Those who escaped of the catastrophic nightclub blaze in the luxury Swiss ski resort of Crans-Montana are receiving treatment in special burns units in various European nations, while investigators say many of the deceased were so severely injured that naming the victims could take days or weeks.
About 40 people were killed and 115 injured when the inferno engulfed a New Year’s Eve celebration in the crowded Constellation bar and underground club.
“Our primary goal is to assign names to all the victims,” said local official Nicolas Féraud.
The Swiss president, Guy Parmelin, called the fire “a calamity of unprecedented, horrifying proportions” as he described the heavy human cost. “Behind these figures are individuals, names, families, lives brutally cut short, completely interrupted or irrevocably damaged,” Parmelin said at a press briefing.
Such was the severity were the victims’ burns that Swiss officials said identification work was particularly gruelling. Families of missing youths issued pleas for news of their loved ones and diplomatic missions worked urgently to find out if their citizens were among those involved in one of the worst disasters to strike the country in recent memory.

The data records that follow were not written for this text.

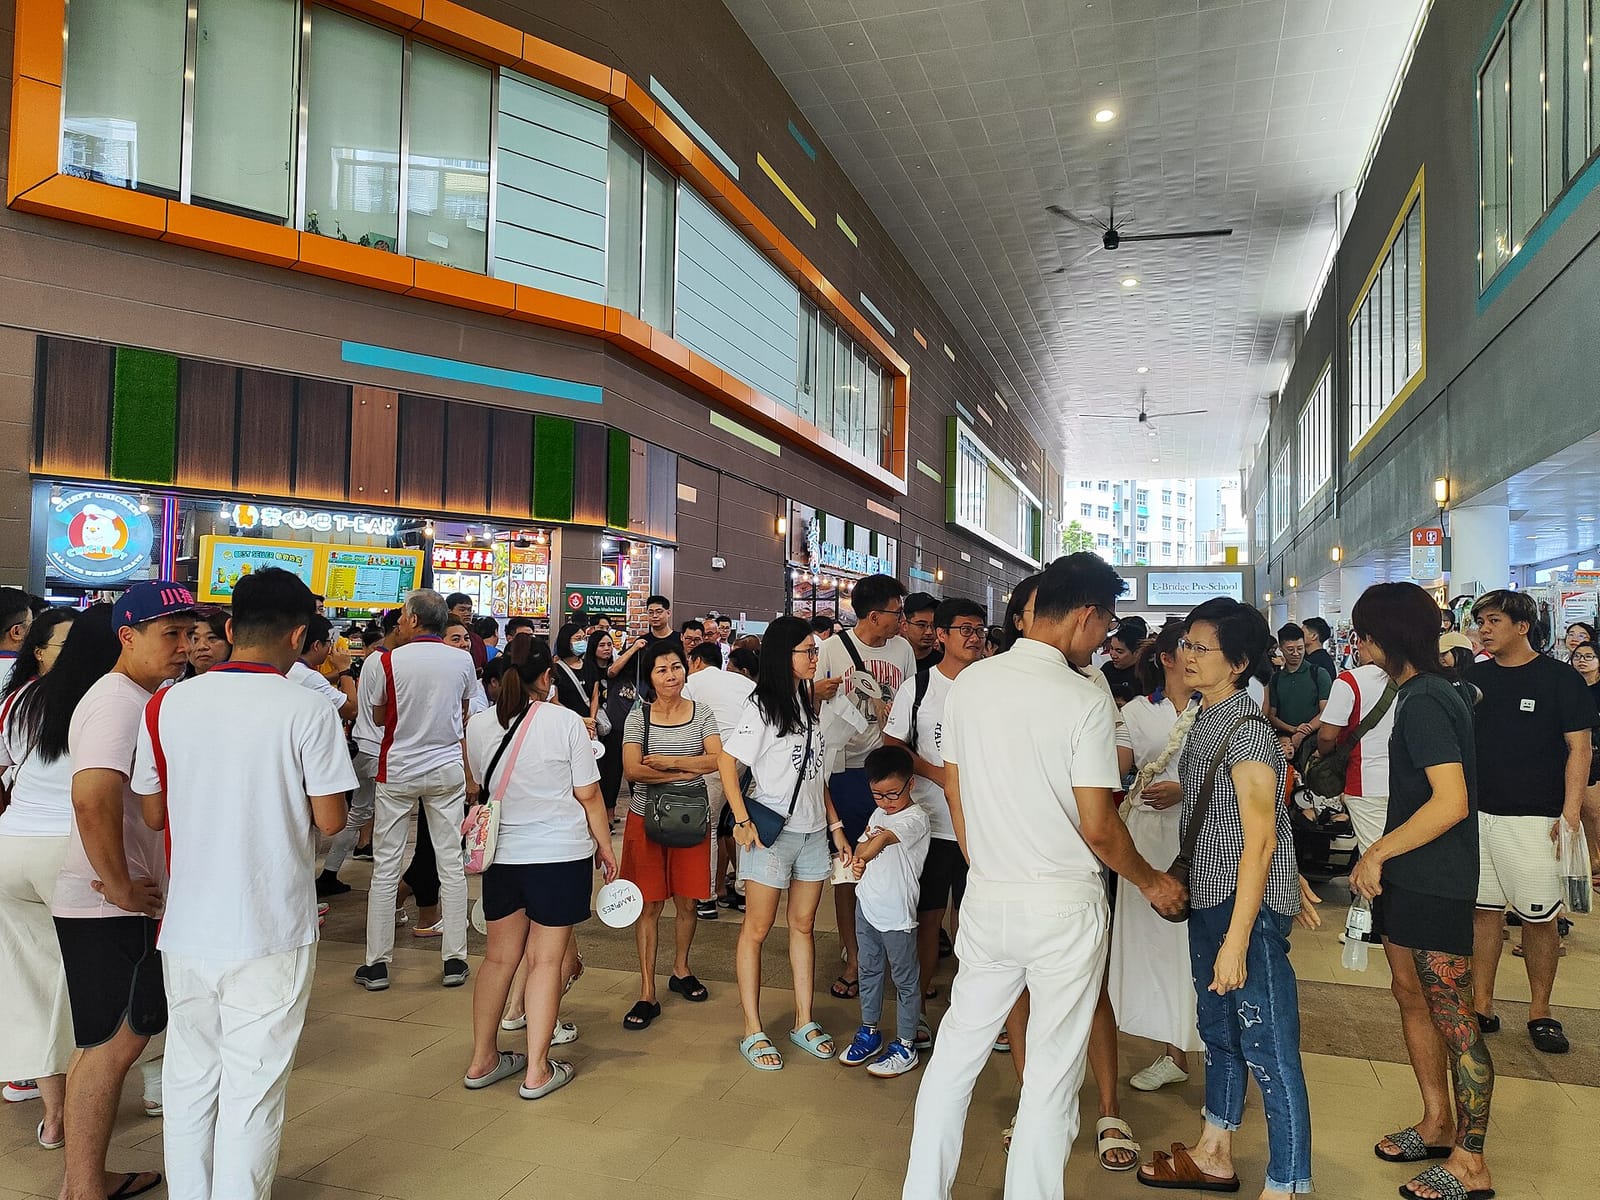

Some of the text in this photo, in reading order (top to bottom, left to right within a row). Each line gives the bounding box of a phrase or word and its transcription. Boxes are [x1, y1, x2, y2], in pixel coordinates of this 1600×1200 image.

[55, 491, 142, 517] CRISPY CHICKEN
[52, 552, 65, 565] ALL
[234, 550, 251, 559] BEST
[251, 550, 274, 560] SELLER
[1152, 582, 1238, 592] E-Bridge Pre-School
[586, 595, 626, 606] ISTANBUL
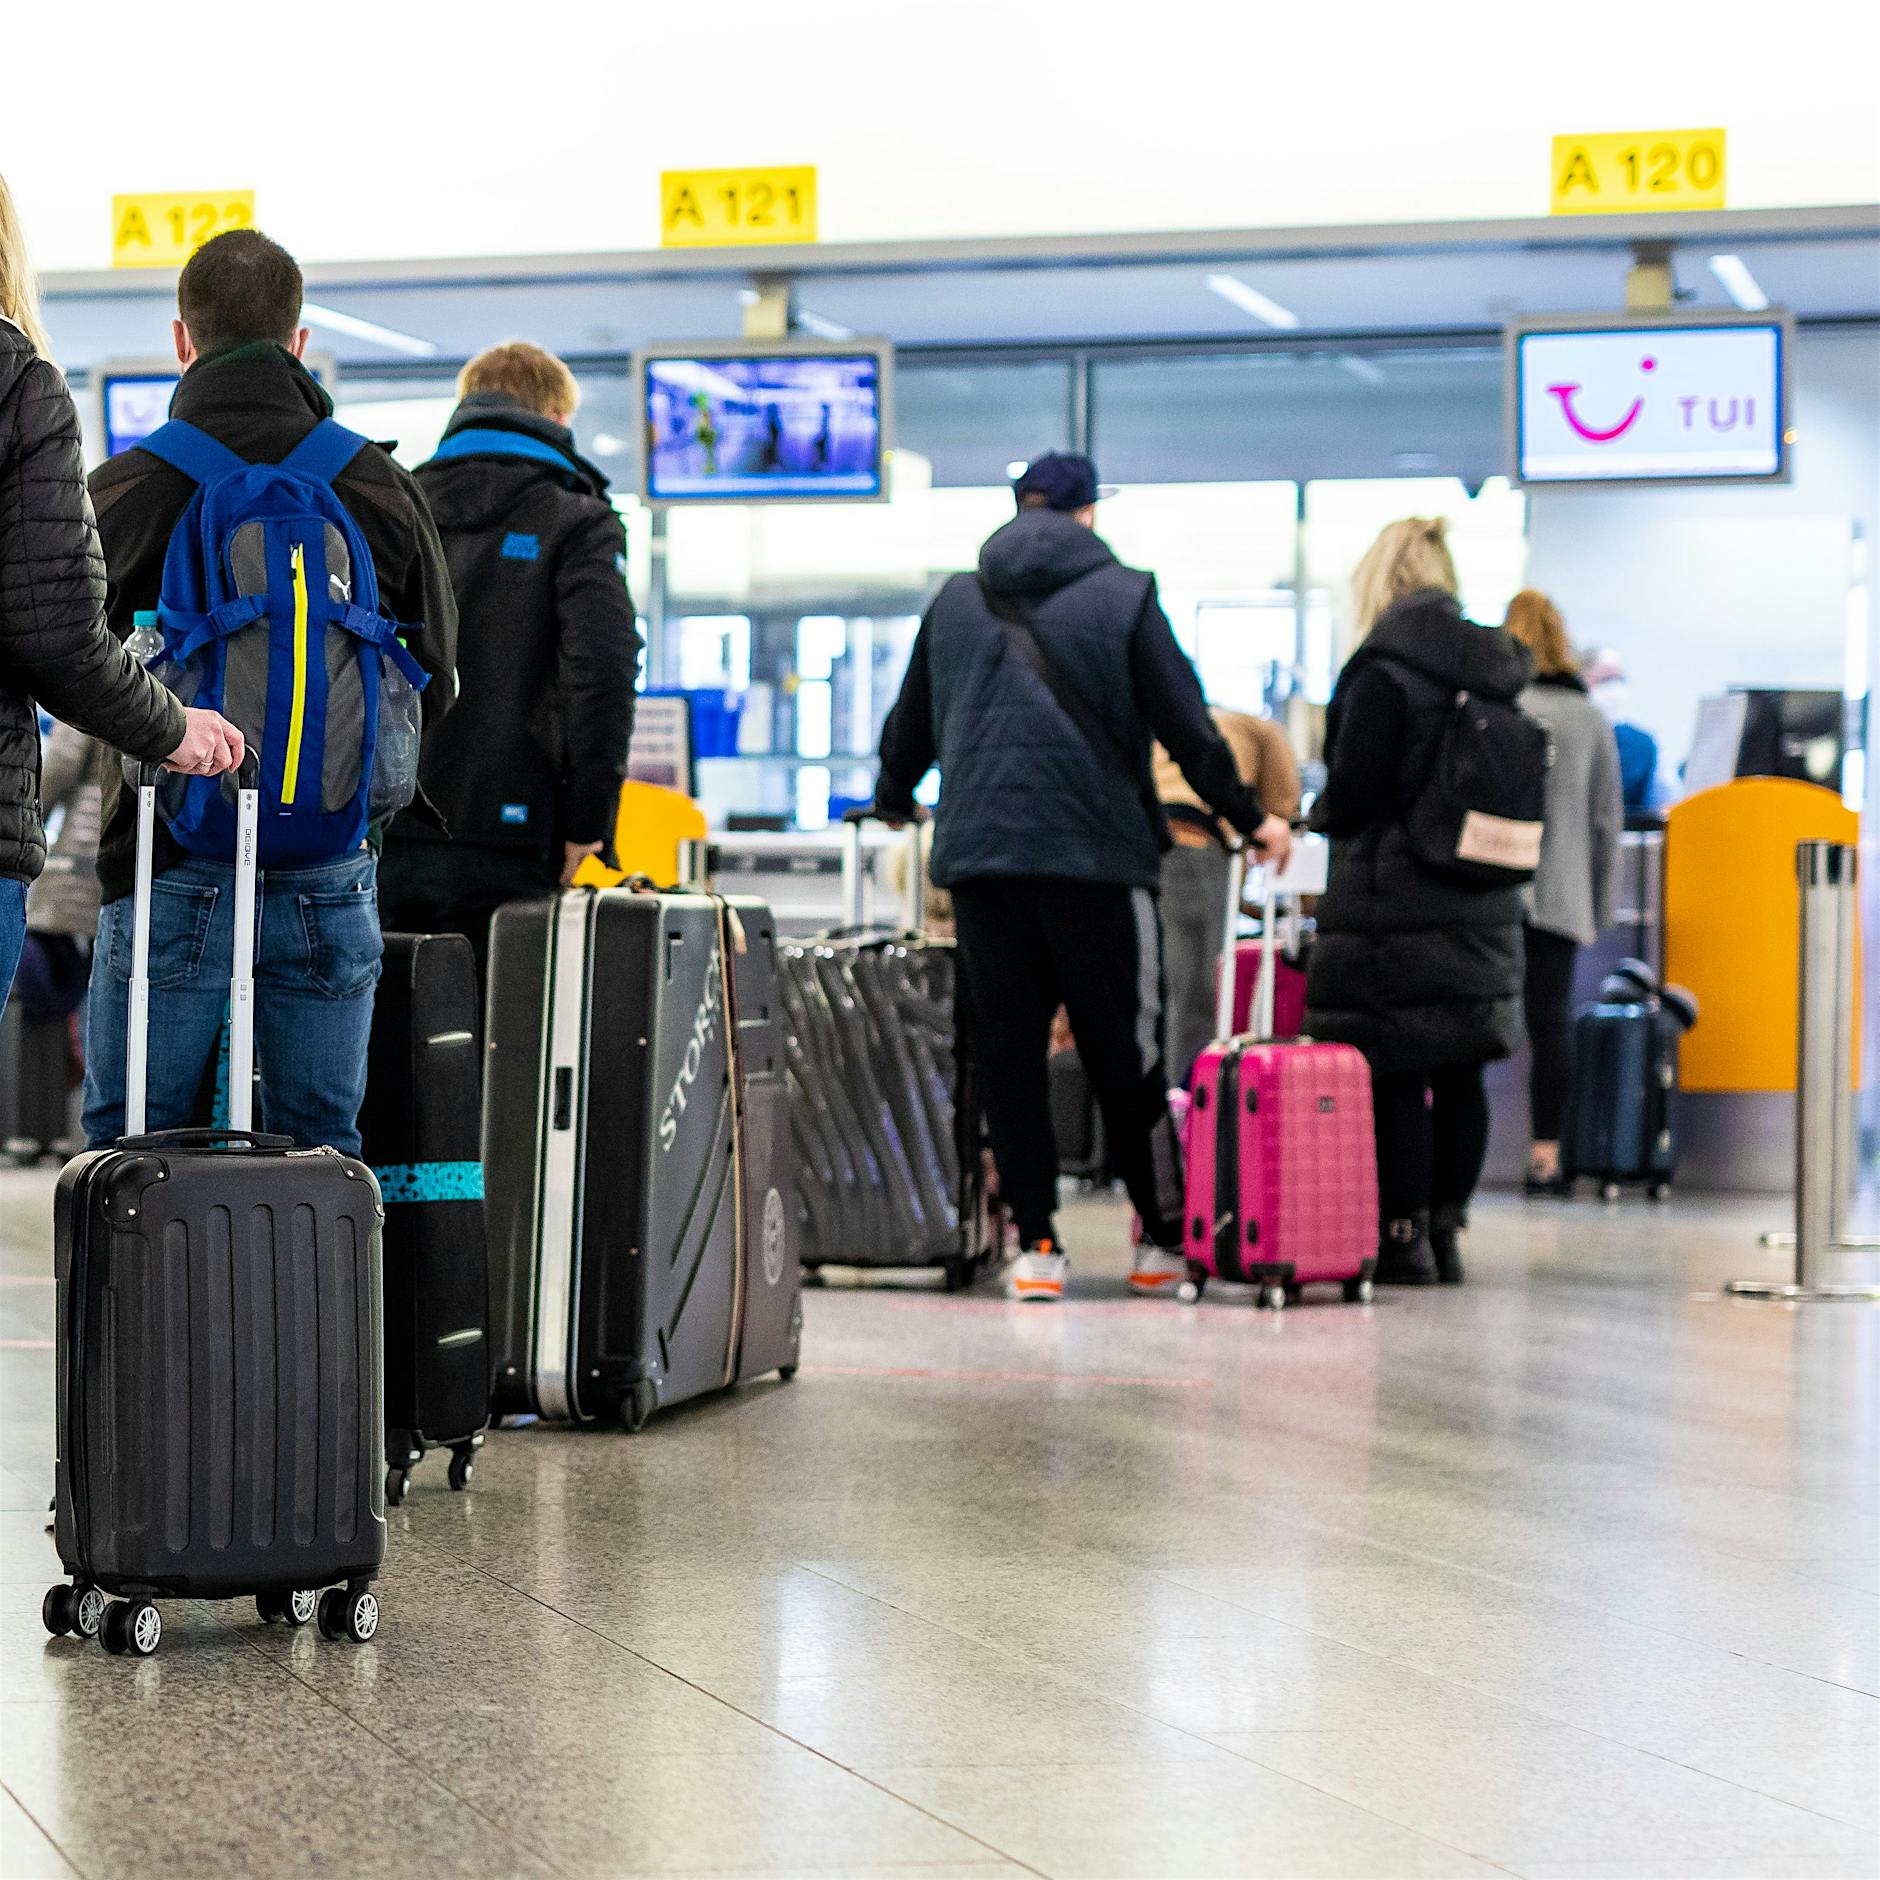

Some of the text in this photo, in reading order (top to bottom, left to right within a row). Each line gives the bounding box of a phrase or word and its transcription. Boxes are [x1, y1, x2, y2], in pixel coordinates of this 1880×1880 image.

Mathias Reynard, the head of government of the canton of Valais, said experts were using dental charts and DNA samples for the task. “All this work needs to be done because the information is so distressing and delicate that no detail can be told to the families unless we are 100% sure,” he said.
Despite having one of the world’s most sophisticated healthcare networks, Switzerland’s local hospitals quickly became overwhelmed in the hours after the fire. More than 30 people were taken to hospitals with dedicated burn centers in Zurich and Lausanne and six were flown to Geneva, as reported by news agencies.
A significant number of the injured were flown to other countries including Belgium, France and Germany, while the EU confirmed it had been in contact with Swiss authorities about offering support.
The French president, Emmanuel Macron, said he had offered his country’s assistance as clinics in Paris and Lyon took in patients, while Sweden and North Macedonia also said they had hospital beds available.
Italy and France are among the countries that have said a number of their citizens are unaccounted for and Italy’s diplomatic representative to Switzerland said the Italian foreign minister would visit Crans-Montana.
Swiss officials have said approximately 40 people were killed but a foreign government has put the fatality count at 47, based on preliminary information.
A regional health and safety official said on Friday he was “surprised” by the higher number. “This is not the same number that we have,” he told a media outlet.
The Italian ambassador said the majority of the injured had now been identified. Several Italians are still missing and more than a dozen hospitalised. Some victims were repatriated on Thursday with more to follow.
The French foreign ministry said several nationals were among the injured and additional individuals remained unaccounted for. Australia has said a citizen was injured.
Relatives and friends have been scrambling to find their missing family members, using online platforms to circulate photos of those unaccounted for.
Paulo Martins, a French citizen resident in the area for 24 years, said his son and his girlfriend narrowly missed being in the bar at the time of the fire. “When he came home he was really in shock,” Martins said.
A friend of his 17-year-old son had been transferred for treatment in Germany with severe burns covering a third of his body, Martins stated.
Eleonore, 17, started the year with a frantic search for friends who have been unheard from since the fire. Outside the bar, now shielded by white tarpaulins and a barrier of temporary barriers, she said she had not heard from them since New Year’s Eve.
“We took loads of photos [and] we put them on Instagram, Facebook, every social network possible to try to find them,” she said. “But there’s nothing. No response. We called the parents. Nothing. Even the parents don’t know.”
She and a friend managed to get news that one friend was in a medically induced unconsciousness in a hospital in Lausanne.
The director of the city’s university hospital, Claire Charmet, said it was treating 22 severely injured patients, most ranging in age from 16 to 26.
“Patients are being stabilised and transferred to the surgery or to specialised beds,” she informed a local newspaper. “We need to be aware that the medical care will be protracted and demanding, lasting several weeks or even many months.”